If we want to avoid this implication, we cannot consider all religion to be delusional, at least not in the legal sense. Of course there may exist some religions which are delusional in the legal sense. For instance, in the case of 1Mind Ministries, it looks like there are a lot of cult-like practices (though "cult" is an imprecise term to use). However, I will leave it to the courts to decide, since obviously I don't have all the relevant information. In any case, it would be hard to argue that 1Mind Ministries is representative of religion, since it has no more than a dozen adult members.
I contend that the statement "Religion is a delusion" is incorrect not only in the legal sense, but also in the psychiatric sense. If religion were a delusion in the psychiatric sense, then that would also have many unfortunate implications. For one thing, why should it be delusional in the psychiatric sense but not the legal sense? For another, wouldn't that imply that religion is better treated through psychiatric methods rather than, say, a cultural movement led by atheists? Doesn't it imply that religious beliefs, however common, are the result of abnormal mental processes (as opposed to normal processes which have gone wrong)? What are we trying to say here?

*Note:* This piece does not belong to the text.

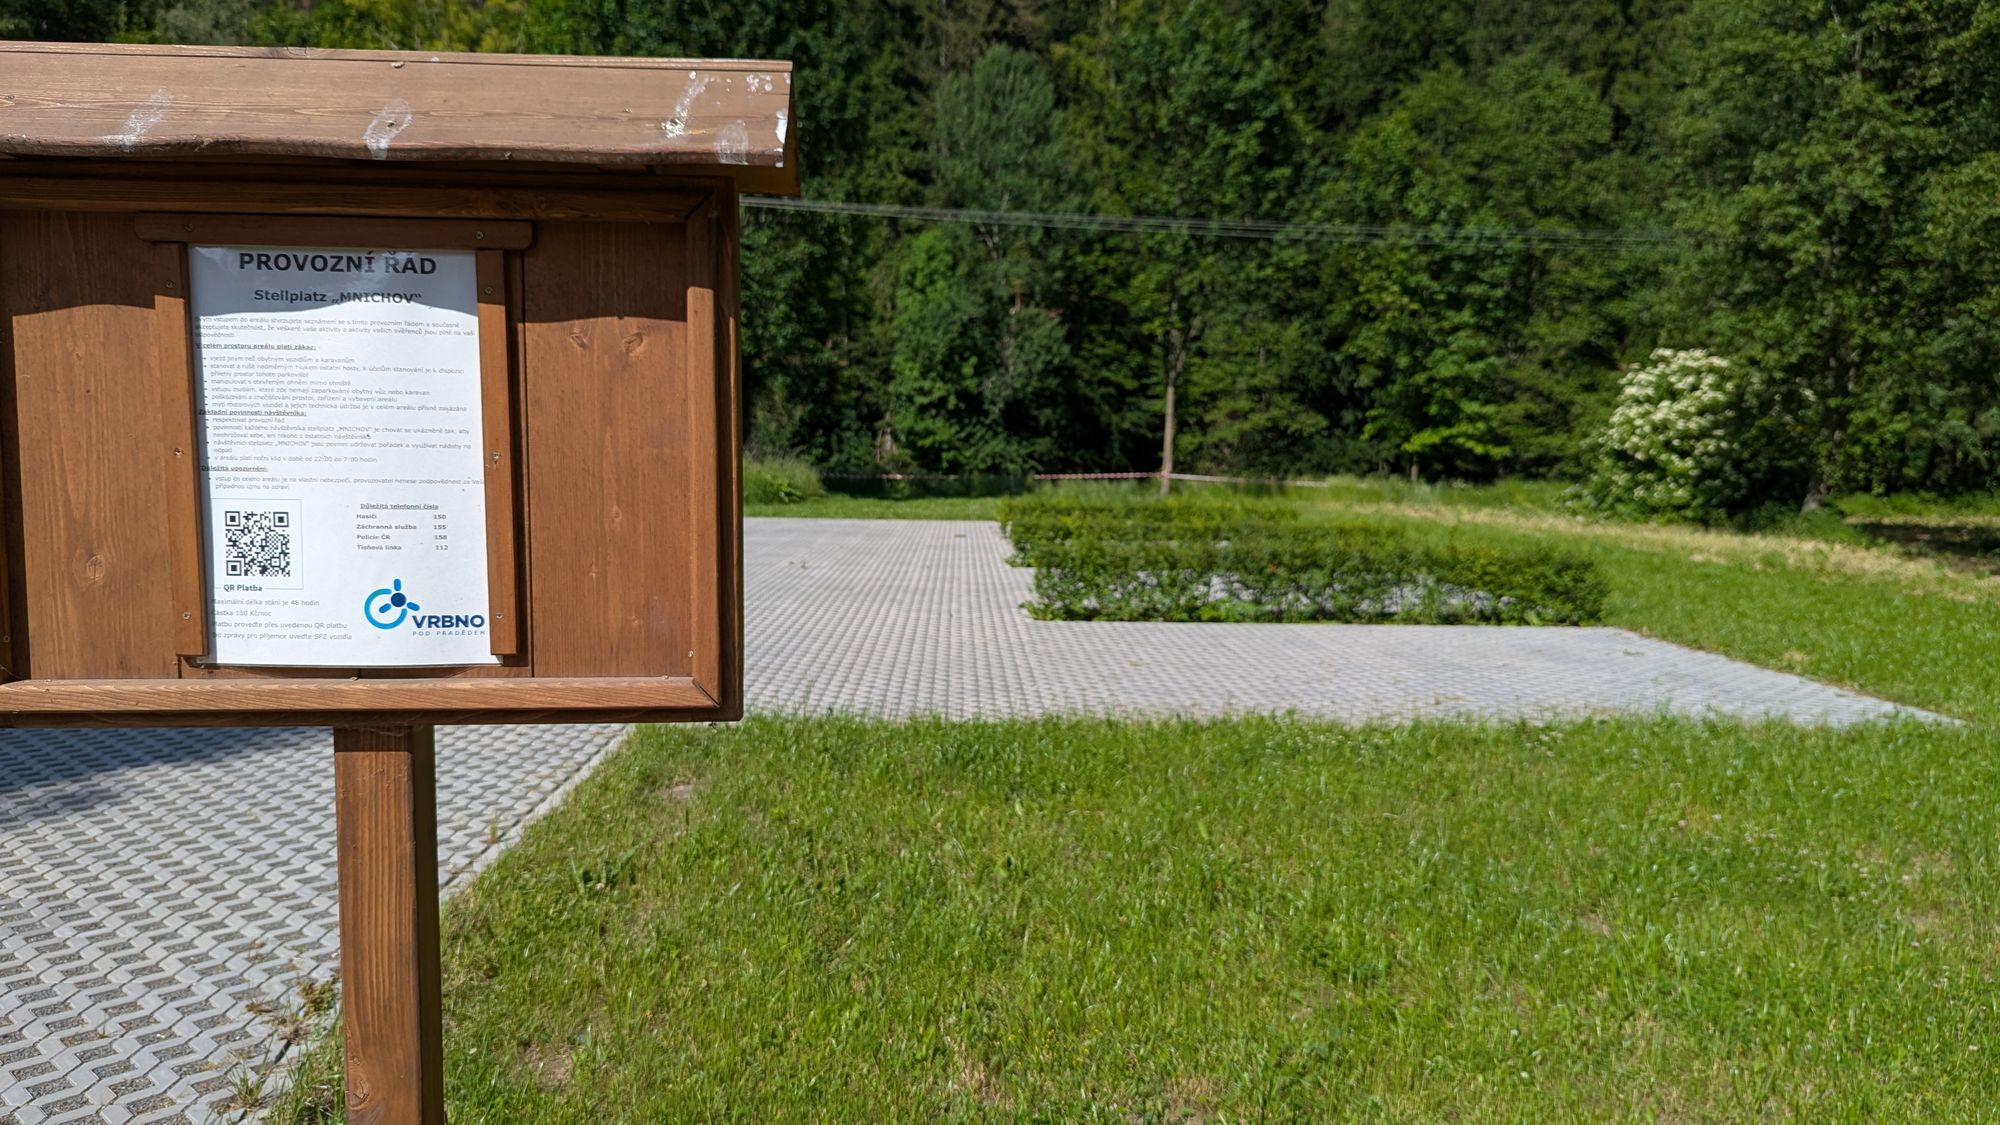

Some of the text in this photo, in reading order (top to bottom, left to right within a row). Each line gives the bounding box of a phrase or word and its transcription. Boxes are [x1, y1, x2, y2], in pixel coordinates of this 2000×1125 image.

[239, 250, 437, 275] PROVOZNÍ ŘÁD
[254, 289, 327, 304] Stellplatz
[412, 614, 485, 628] VRBNO

Of course, most atheists aren't trying to say any of those things. See, it starts like this:
Just look at the definition of delusion. "A mistaken or unfounded opinion or idea". Religious beliefs are mistaken and unfounded, therefore they are delusions. (Yes, in the same sense that I'm delusional when I think I have my pencil in my pocket when I actually left it on my desk.)It is not a single person who says all these things. One person starts with a harmless comparison between religion and delusion. Another person sees the idea and takes it one step further. At every step, the claim is elevated and elevated, becoming more over the top. Richard Dawkins himself stops short of calling religion a psychiatric delusion. However, through innuendo, he has planted the concept in everyone's mind, and many atheists do not stop where Dawkins did.
A delusion is "an erroneous belief that is held in the face of evidence to the contrary". Religious people are constantly ignoring the contrary evidence right in front of them, therefore they are delusional. (But we are assuming that they indeed see lots of contrary evidence and understand it properly. As a student and skeptic, I would never trivialize the process of proper understanding by saying it's easy.)
Religious people see and talk to God. What is that but hallucination? (How do we know that they aren't simply interpreting much more mundane mental processes as communication with or to God? That's what I did when I was Catholic.)
I prefer to not call religion a delusion at all, except in the very weakest sense. It is important to recognize the true source of mistaken beliefs. They are not the result of some abnormal mental process. They are most often the result of a normal mental process which has gone wrong. Critical thinking is not a trivial task, and is not always successful even when executed perfectly. And then there is a large social component to religion. By calling religion a delusion we are at best being sloppy about the cause of religion.
Calling religion a delusion is more shocking than accurate. But just look at the case of Javon Thompson. The reality is shocking enough, without enhancement!